Start of Dataset records

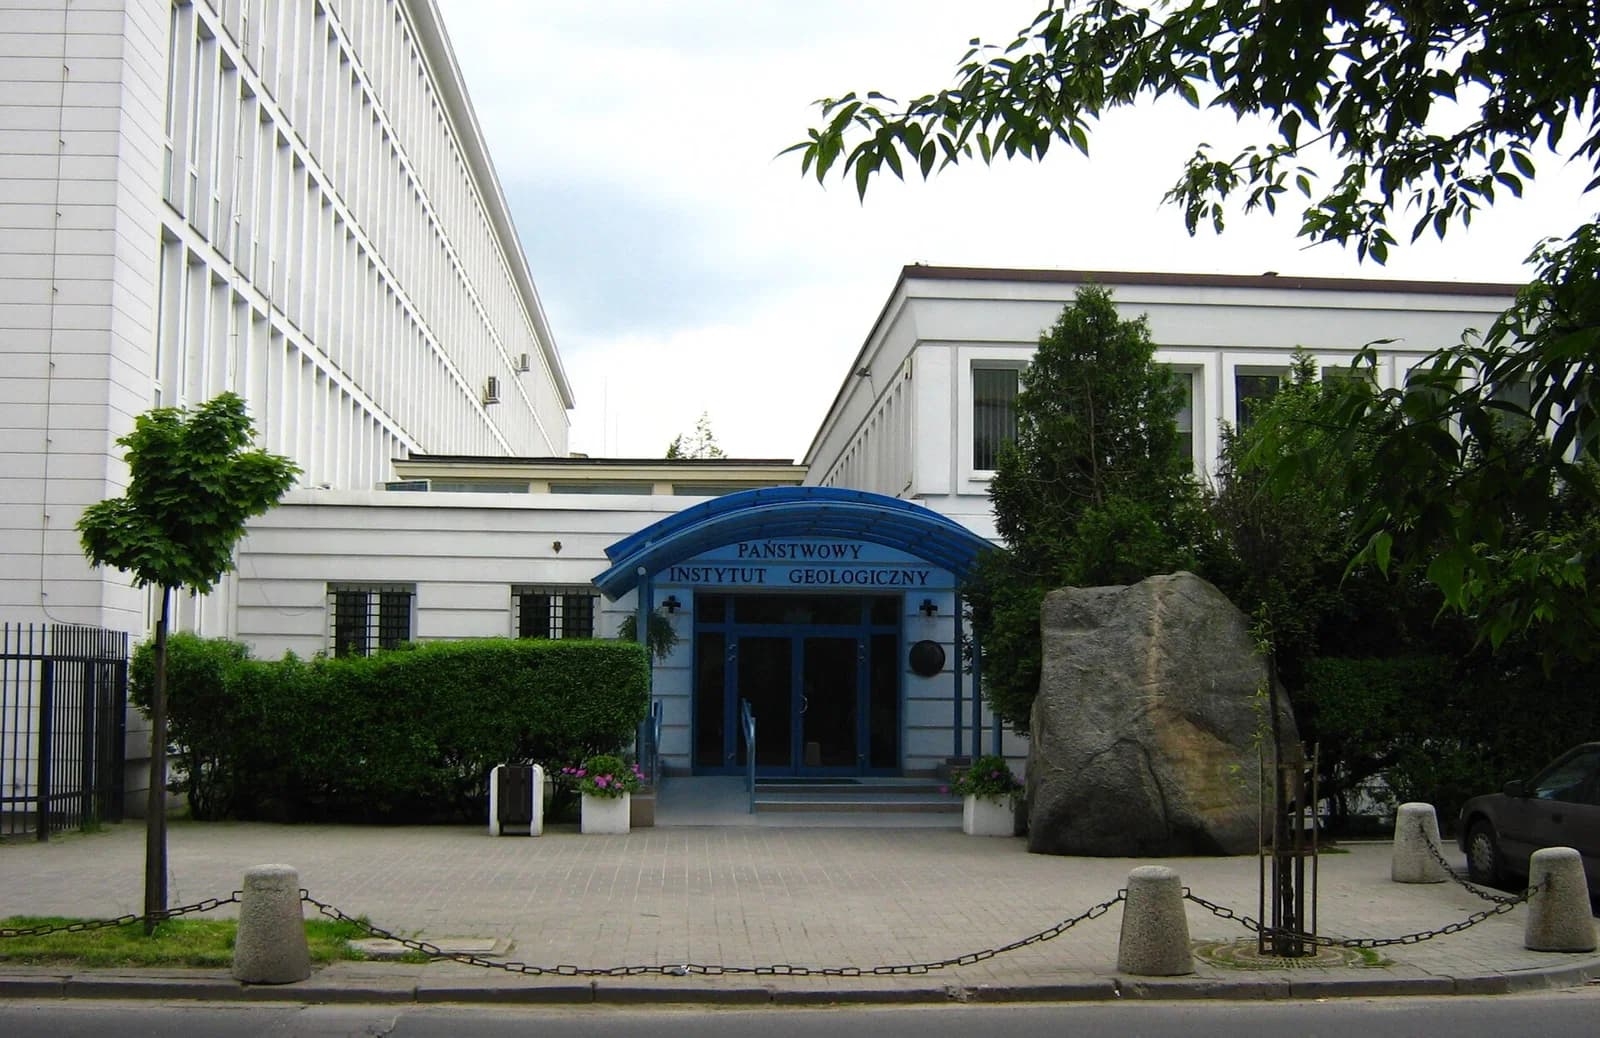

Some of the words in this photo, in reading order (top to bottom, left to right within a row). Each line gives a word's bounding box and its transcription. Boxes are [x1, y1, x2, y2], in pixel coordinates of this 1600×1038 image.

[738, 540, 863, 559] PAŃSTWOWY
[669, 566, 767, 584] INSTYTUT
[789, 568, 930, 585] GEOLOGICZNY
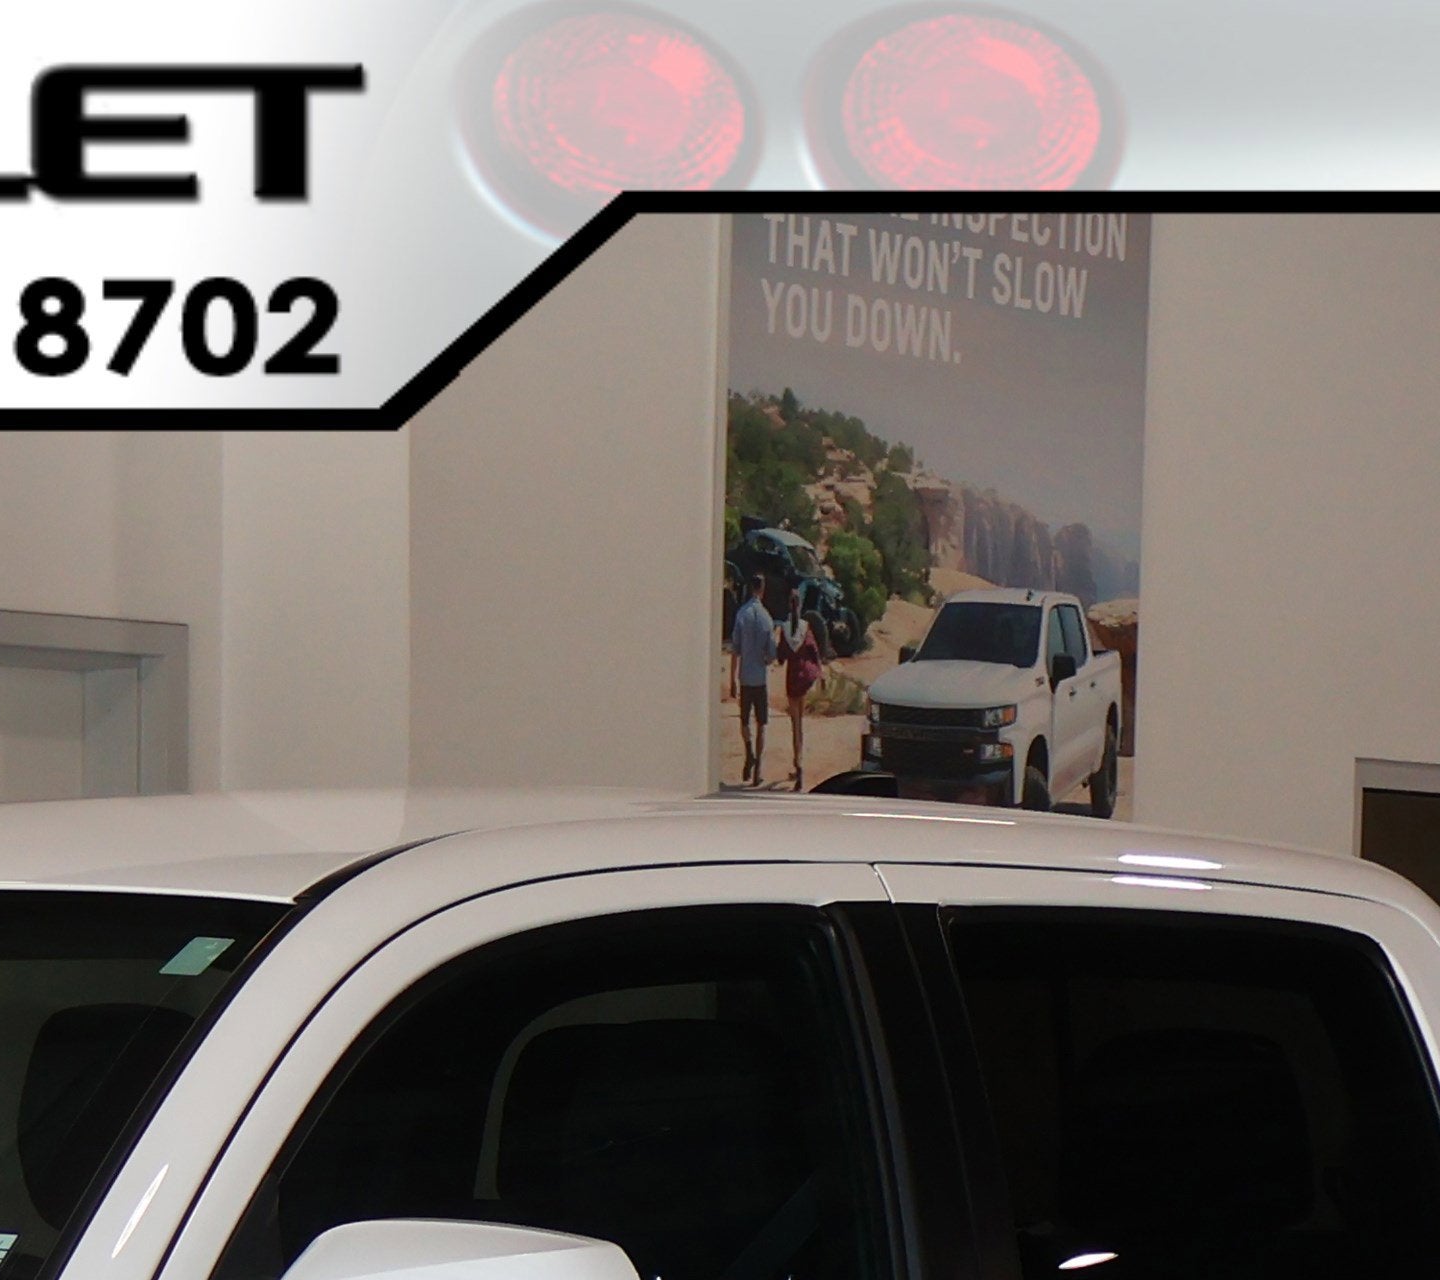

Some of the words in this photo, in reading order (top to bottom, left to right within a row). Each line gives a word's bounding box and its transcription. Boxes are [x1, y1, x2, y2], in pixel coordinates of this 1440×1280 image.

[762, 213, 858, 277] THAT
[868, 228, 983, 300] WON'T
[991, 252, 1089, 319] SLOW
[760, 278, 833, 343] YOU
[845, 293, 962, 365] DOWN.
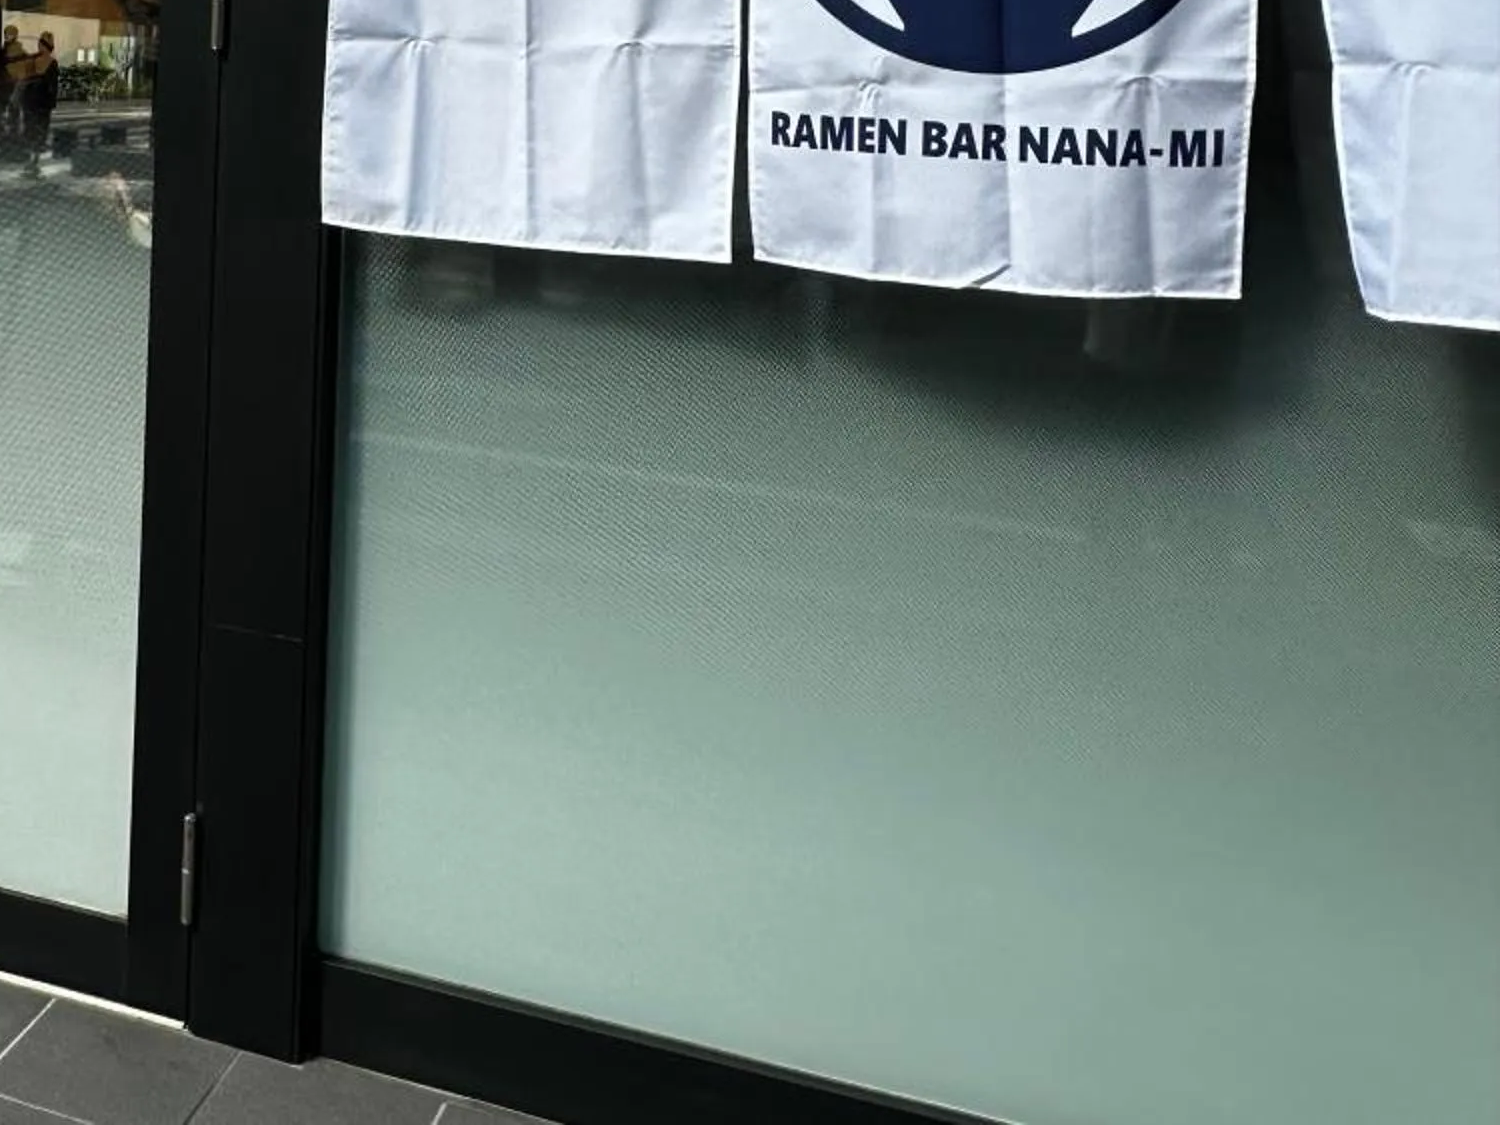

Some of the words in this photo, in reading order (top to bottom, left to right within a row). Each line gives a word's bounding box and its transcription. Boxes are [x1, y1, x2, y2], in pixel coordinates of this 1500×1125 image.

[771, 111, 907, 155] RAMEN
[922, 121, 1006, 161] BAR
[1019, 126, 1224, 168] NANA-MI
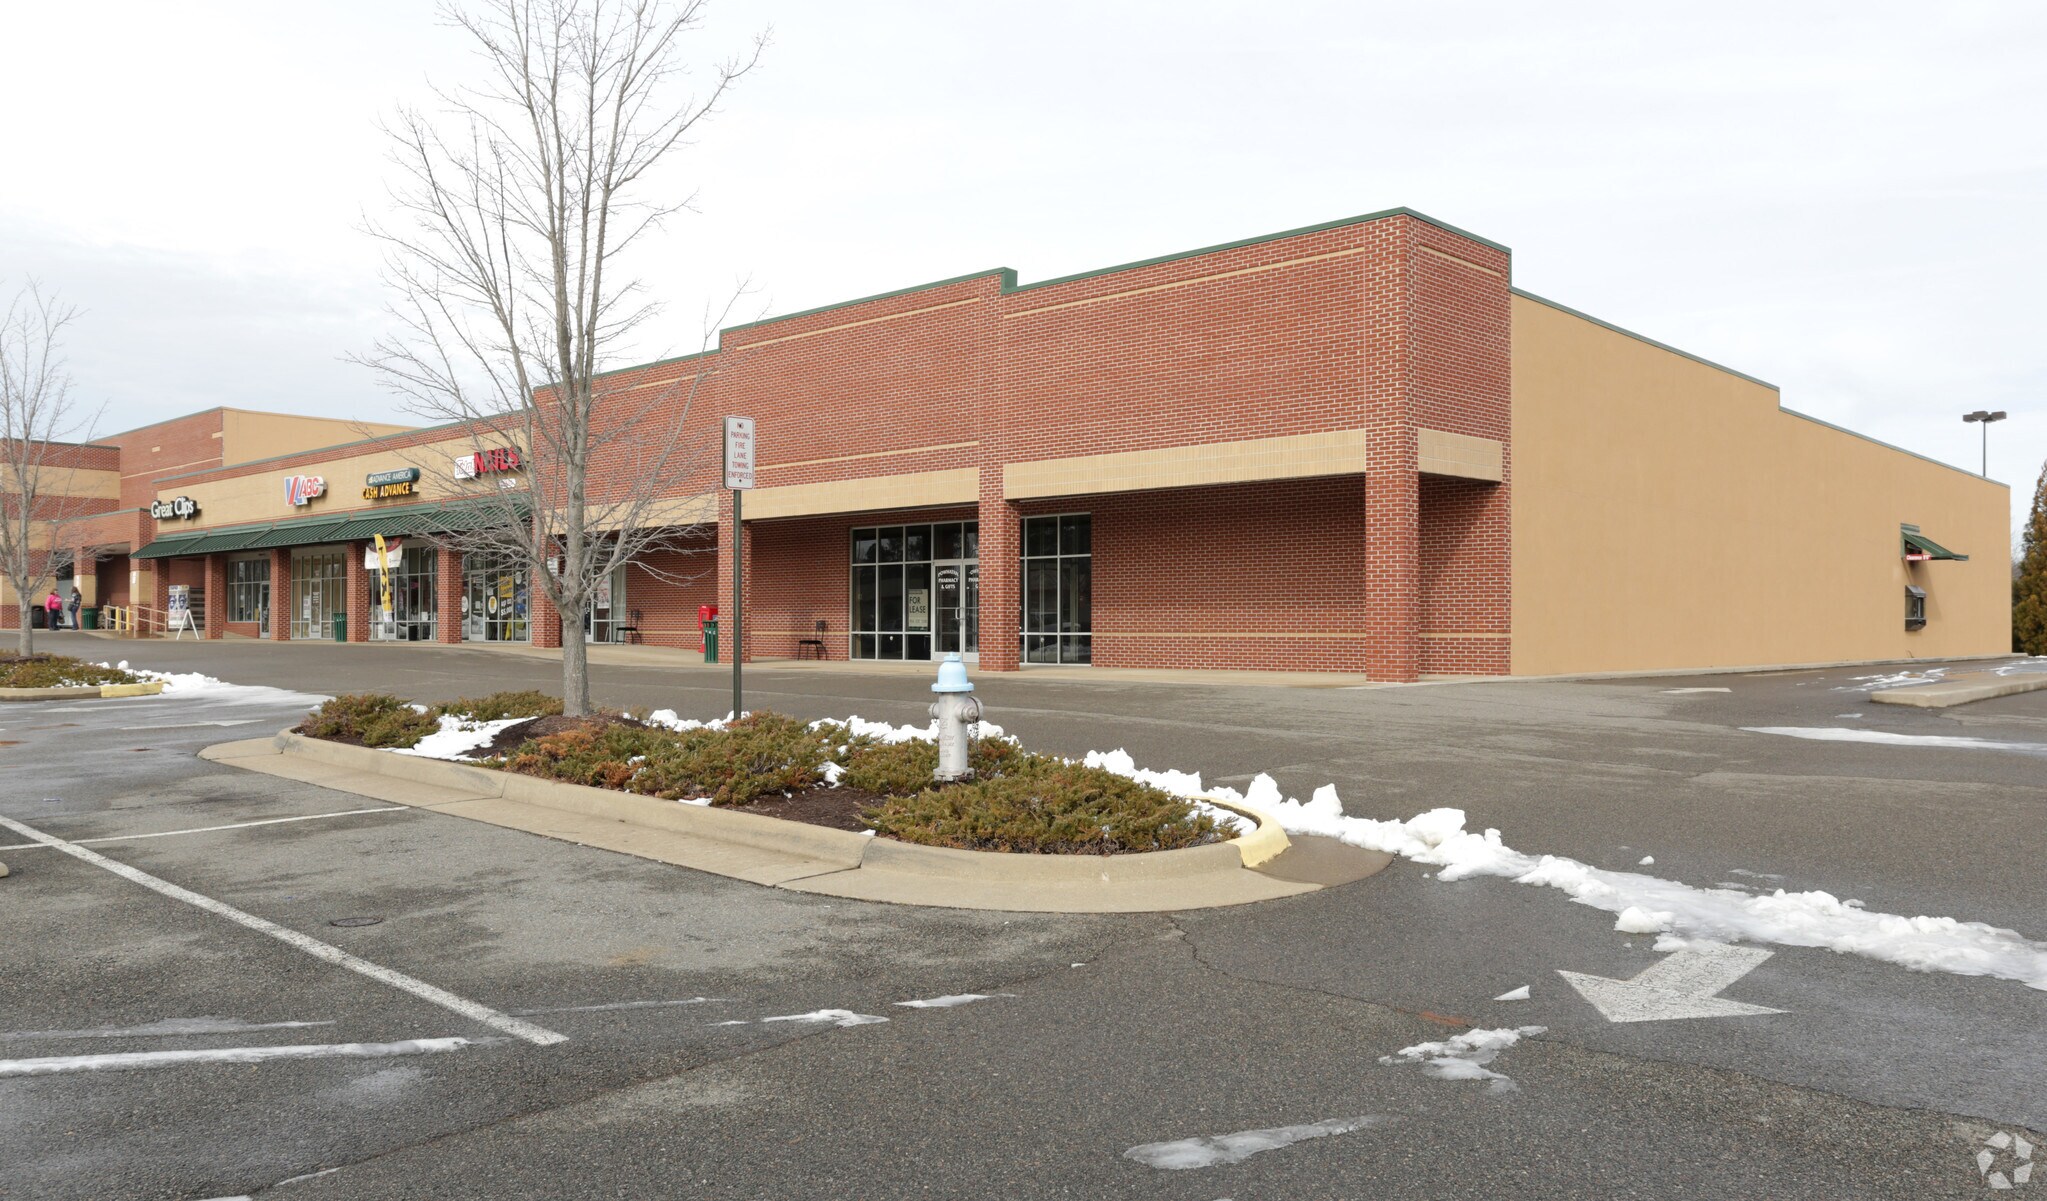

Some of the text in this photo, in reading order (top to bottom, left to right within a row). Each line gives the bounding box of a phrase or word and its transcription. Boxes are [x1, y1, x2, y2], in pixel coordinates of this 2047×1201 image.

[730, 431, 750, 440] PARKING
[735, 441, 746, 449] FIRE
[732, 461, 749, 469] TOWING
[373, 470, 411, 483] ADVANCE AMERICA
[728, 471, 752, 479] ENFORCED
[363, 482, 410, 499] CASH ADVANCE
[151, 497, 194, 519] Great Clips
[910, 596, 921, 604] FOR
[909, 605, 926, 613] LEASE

End of Dataset records

▸ **Exercise prompt**
All of the data must be repeated exactly, except for the pictures.

▸ **Result for this task**
Some of the words in this photo, in reading order (top to bottom, left to right within a row). Each line gives a word's bounding box and its transcription. Boxes are [x1, y1, x2, y2], in pixel coordinates of this 1600×1038 image.

[738, 540, 863, 559] PAŃSTWOWY
[669, 566, 767, 584] INSTYTUT
[789, 568, 930, 585] GEOLOGICZNY

Some of the words in this photo, in reading order (top to bottom, left to right within a row). Each line gives a word's bounding box and its transcription. Boxes are [x1, y1, x2, y2], in pixel coordinates of this 1440×1280 image.

[762, 213, 858, 277] THAT
[868, 228, 983, 300] WON'T
[991, 252, 1089, 319] SLOW
[760, 278, 833, 343] YOU
[845, 293, 962, 365] DOWN.

Some of the words in this photo, in reading order (top to bottom, left to right within a row). Each line gives a word's bounding box and its transcription. Boxes are [x1, y1, x2, y2], in pixel coordinates of this 1500×1125 image.

[771, 111, 907, 155] RAMEN
[922, 121, 1006, 161] BAR
[1019, 126, 1224, 168] NANA-MI

Some of the text in this photo, in reading order (top to bottom, left to right within a row). Each line gives the bounding box of a phrase or word and its transcription. Boxes are [x1, y1, x2, y2], in pixel coordinates of this 2047×1201 image.

[730, 431, 750, 440] PARKING
[735, 441, 746, 449] FIRE
[732, 461, 749, 469] TOWING
[373, 470, 411, 483] ADVANCE AMERICA
[728, 471, 752, 479] ENFORCED
[363, 482, 410, 499] CASH ADVANCE
[151, 497, 194, 519] Great Clips
[910, 596, 921, 604] FOR
[909, 605, 926, 613] LEASE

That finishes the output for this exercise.